Submitted photo Rylan Cardona, 4, left, and Madison Cardona, 2, posed for a photo before Rylans dance recital.

Sadly enough, there is no cure.

Just a year ago, Makayla was a full-time wife and mother, employee and college student. In a matter of days, she went from a vital, healthy, active young woman to someone who couldn't take care of herself, her children or any aspect of her life.

"I am in constant pain 24/7 and the pain is on a whole different level than normal pain," said Makayla. "The only thing that doesn't hurt is the back of my head."

Looking at Makayla, one wouldn't think anything is wrong, but the pain from CRPS has been compared to a near 50 out of 10 on the McGill Pain Index Scale.

"Sometimes I feel so hopeless," she added, noting most people don't have it spread throughout the entire body. Most often it starts and stays in a foot, a leg or an arm.

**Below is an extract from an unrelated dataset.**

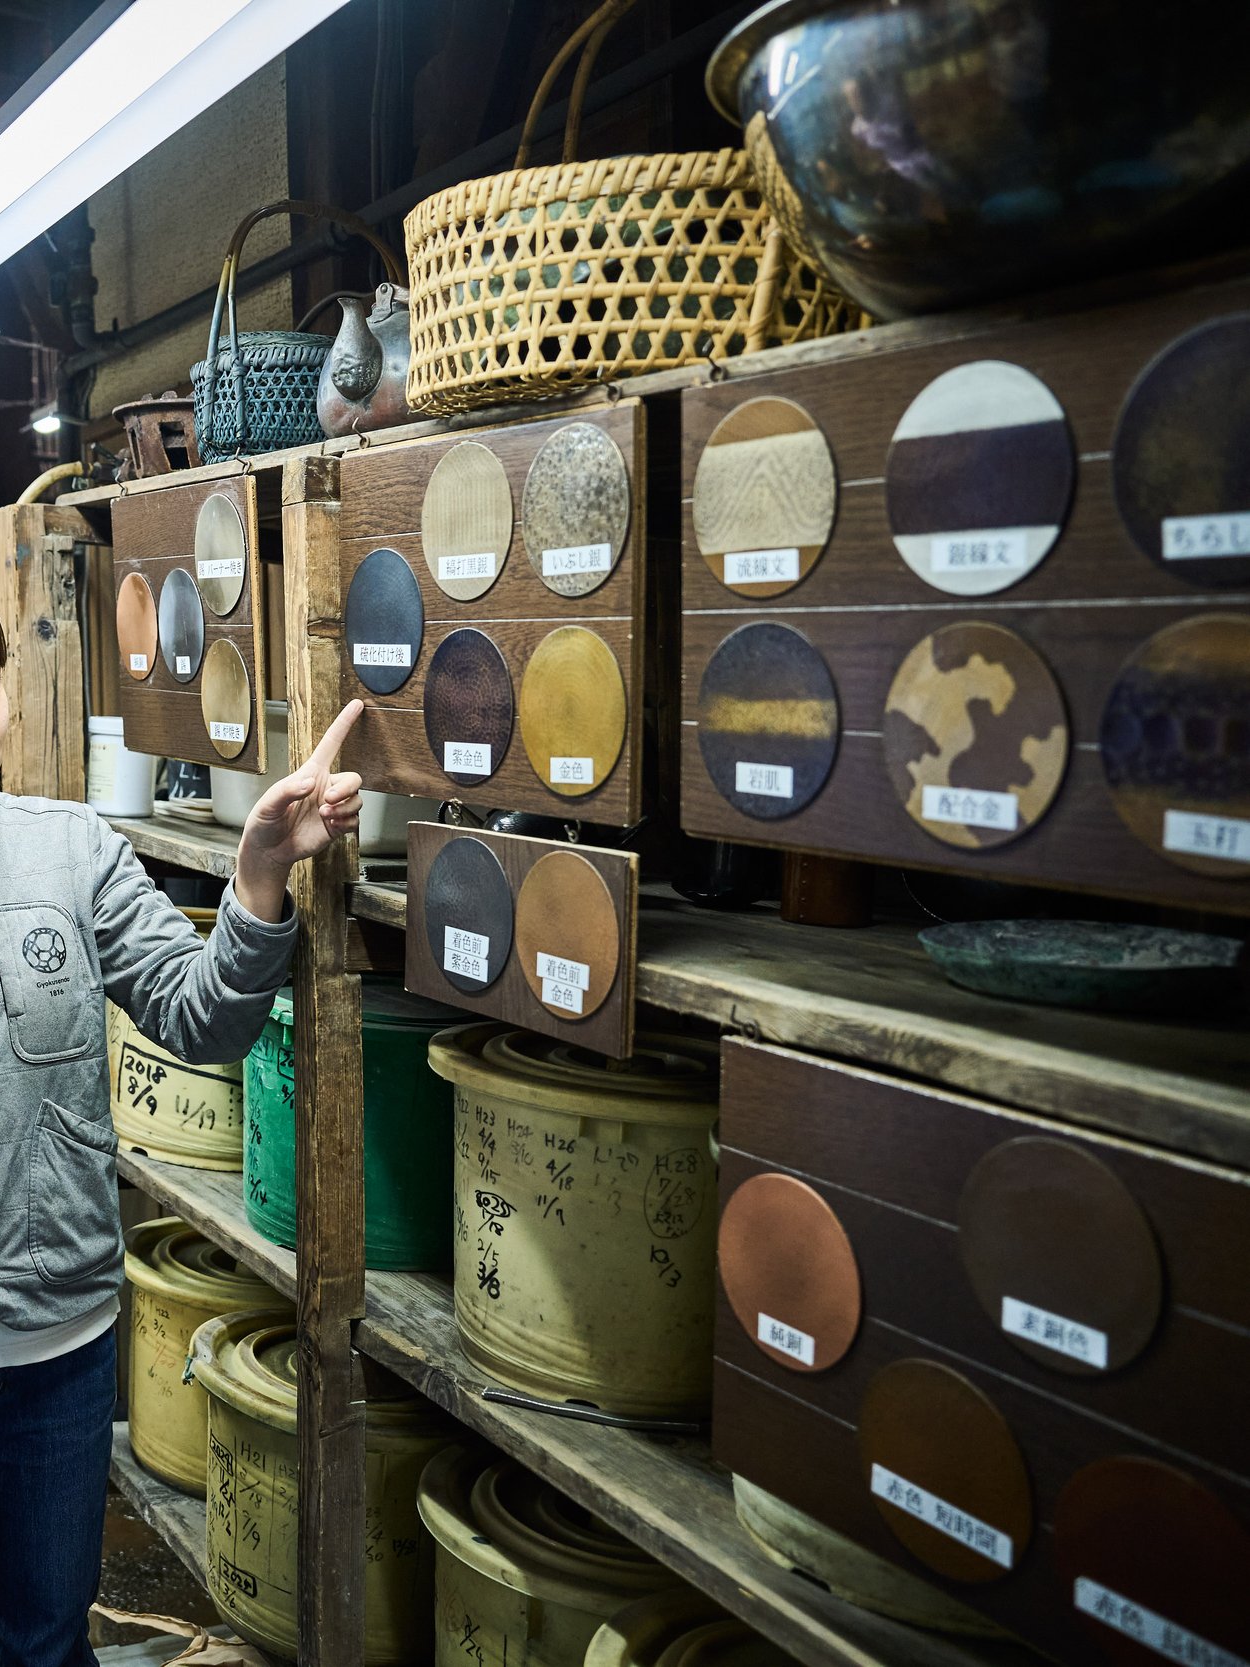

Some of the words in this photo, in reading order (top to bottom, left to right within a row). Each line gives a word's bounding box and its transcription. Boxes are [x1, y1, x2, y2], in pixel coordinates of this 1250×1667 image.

On Aug. 6, 2012, the top of her foot started swelling and began to hurt. The next day, she couldn't put a boot on. She went to see Dr. Derik Brown at Southeast New Mexico Podiatry. He examined her foot and applied an ice pack.

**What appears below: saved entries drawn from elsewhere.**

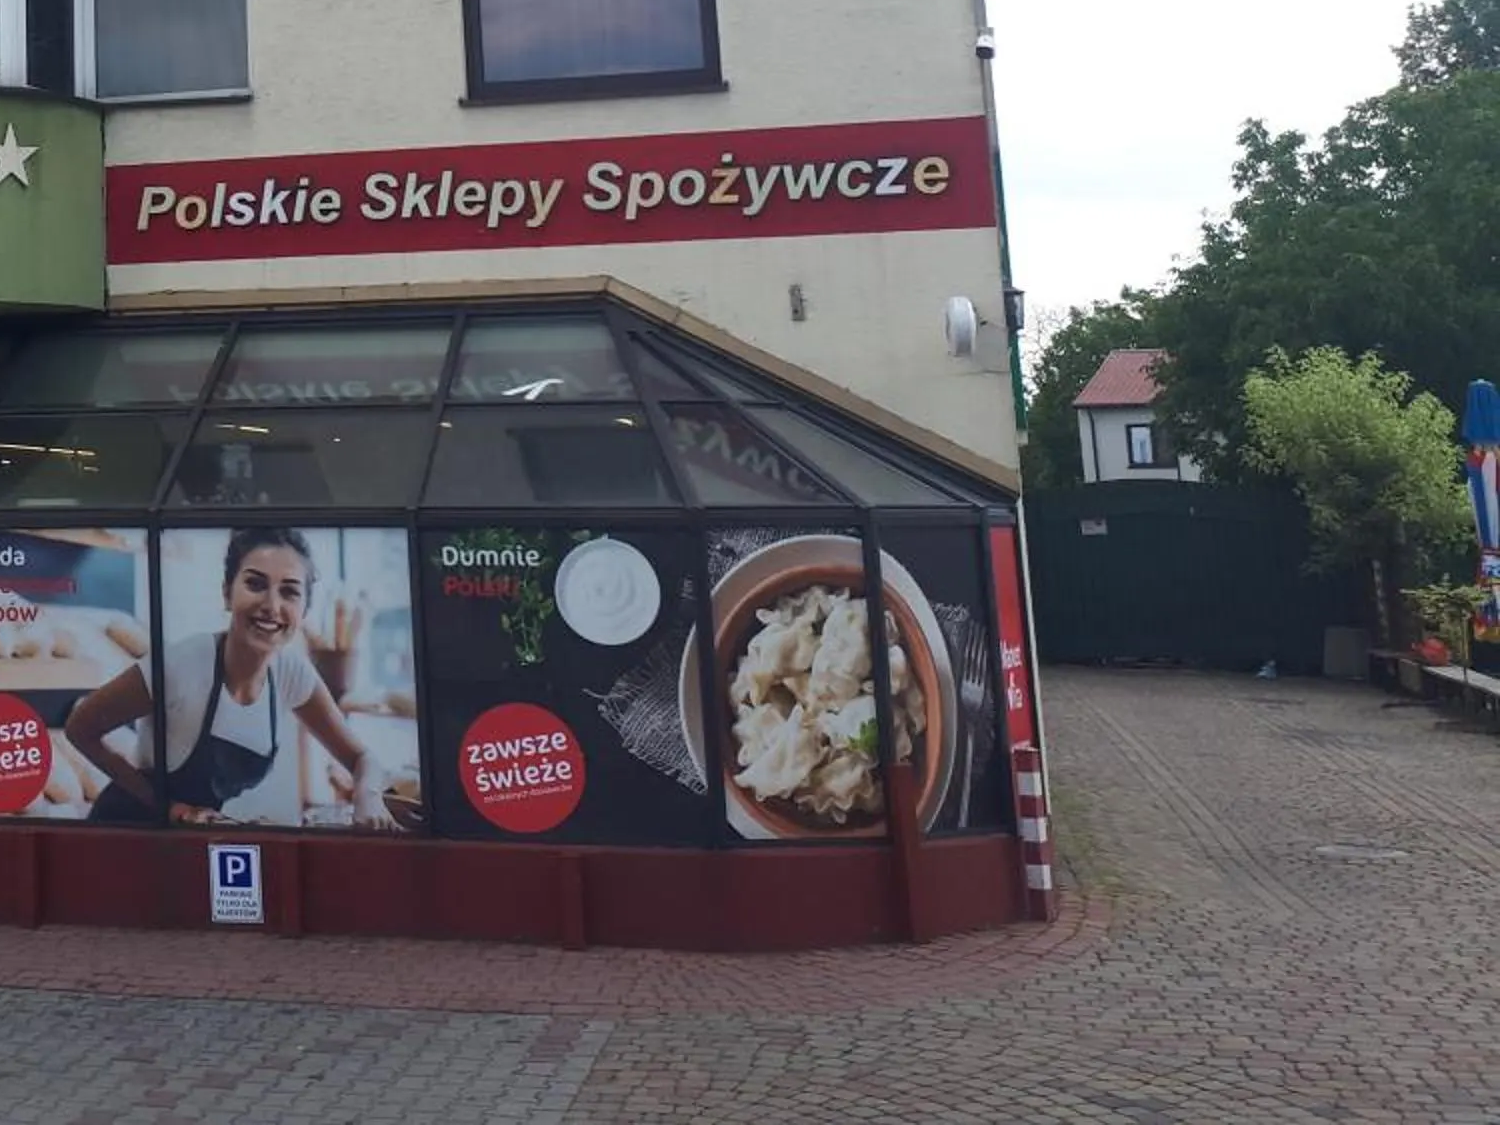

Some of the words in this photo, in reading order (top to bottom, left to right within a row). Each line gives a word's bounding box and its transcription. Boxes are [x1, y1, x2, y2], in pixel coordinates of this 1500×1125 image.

[136, 178, 342, 231] Polskie
[360, 170, 564, 228] Sklepy
[582, 152, 950, 221] Spożywcze
[441, 545, 541, 567] Dumnie
[467, 732, 568, 764] zawsze
[475, 757, 573, 792] świeże

"Ice just shot the pain up and Dr. Brown said, 'I think this is what it is ... Complex Regional Pain Syndrome, but the only way to confirm is to do more testing,'" she said, adding nothing relieved her pain.

"It's pretty rare," said her husband Roland, adding they believe a couple of other people in Carlsbad suffer from CRPS.

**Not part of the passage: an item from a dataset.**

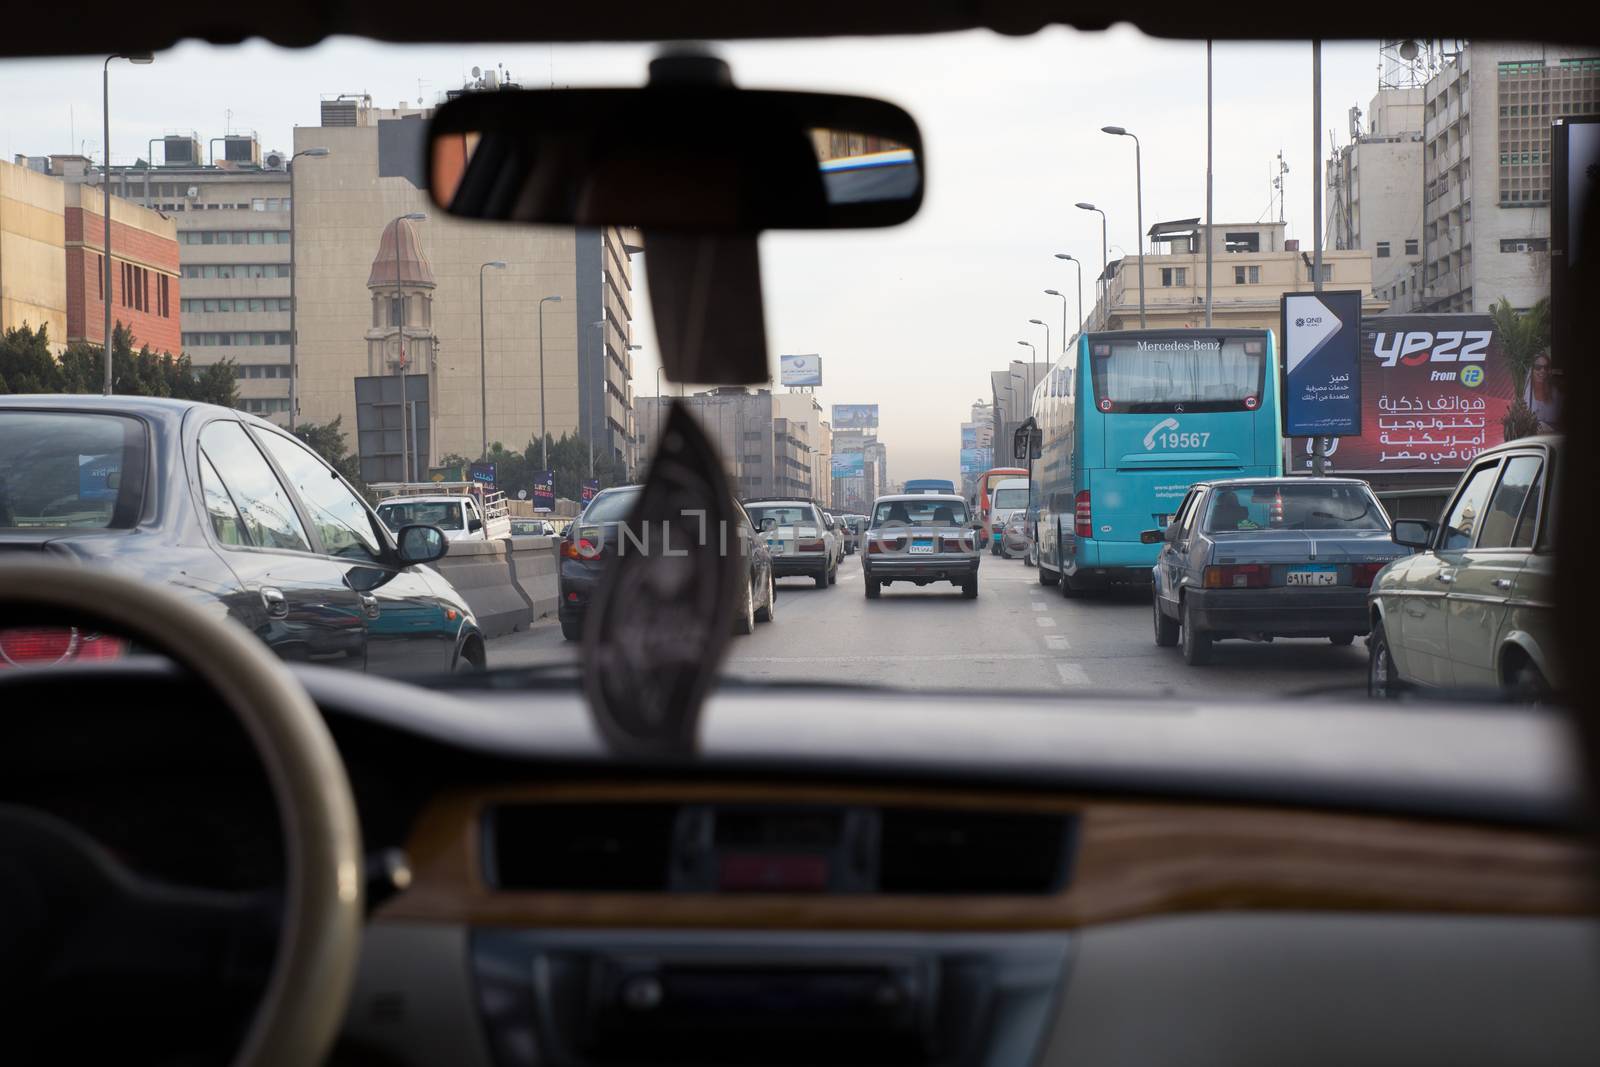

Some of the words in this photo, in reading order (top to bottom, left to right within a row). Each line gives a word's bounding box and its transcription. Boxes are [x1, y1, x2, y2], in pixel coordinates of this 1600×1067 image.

Because it was taking so long to arrange for an MRI locally, she was sent to Lubbock. She remembers how painful it was removing her pants over the foot. Doctors in the emergency room there confirmed Brown's diagnosis. She came home and began physical therapy.

Makayla said Jane Cornwell, certified nurse practitioner, had her go the ER Trauma Center in Albuquerque. While waiting 10 hours in the ER, the disease spread across her shoulders and to her face. She was admitted for a week and put through a battery of tests.

On Oct. 12, doctors performed a sympathetic nerve block, which can relieve pain for weeks and possibly months. It only relieved her pain for 36 hours. She then underwent a nerve conduction test that was also painful.

After a week, she begged to come home for daughter Rylan's fourth birthday.

"What one test showed was excess blood flow but not return flow," she said.

"During that time, they ran every test imaginable," said Roland.

"There was just no rhyme nor reason for this," he added, noting she always took such good care of herself.

He added they were told that it would normally be 15-20 years for the disease to spread like it had on her in only two months.

"I was told mine was progressing faster than normal. It is rare for it (the disease) to cross from one side of the body to another," Makayla said, explaining she has been told that there are only a few known individuals who suffer from full-body CRPS.

The best description of the pain she could offer was to think of every vein in the body filled with lighter fluid and burning. If she steps on a crumb on the floor, it feels like a nail. It hurts to even wear clothing and the force of water under the shower is unbearable. Even lifting a water bottle hurts.

When cold weather sets in or the barometric pressure drops, her pain rises. Even a nice breeze, that most enjoy, causes her discomfort. A blood draw or having her blood pressure taken is painful and torture at best.

Insomnia seems to be the norm. Sleep often evades her and she experiences problems with sleep medications. She, at times, suffers from horrible cramps in her calves and legs at night and her husband helps her stretch them out. There was even a time she was experiencing shortness of breath and chest pain and passed out for two days.

"There is no explanation," said Roland, who is a nurse at Landsun Health Service Center. "That is the complexity of the disease -- the nervous system gone haywire."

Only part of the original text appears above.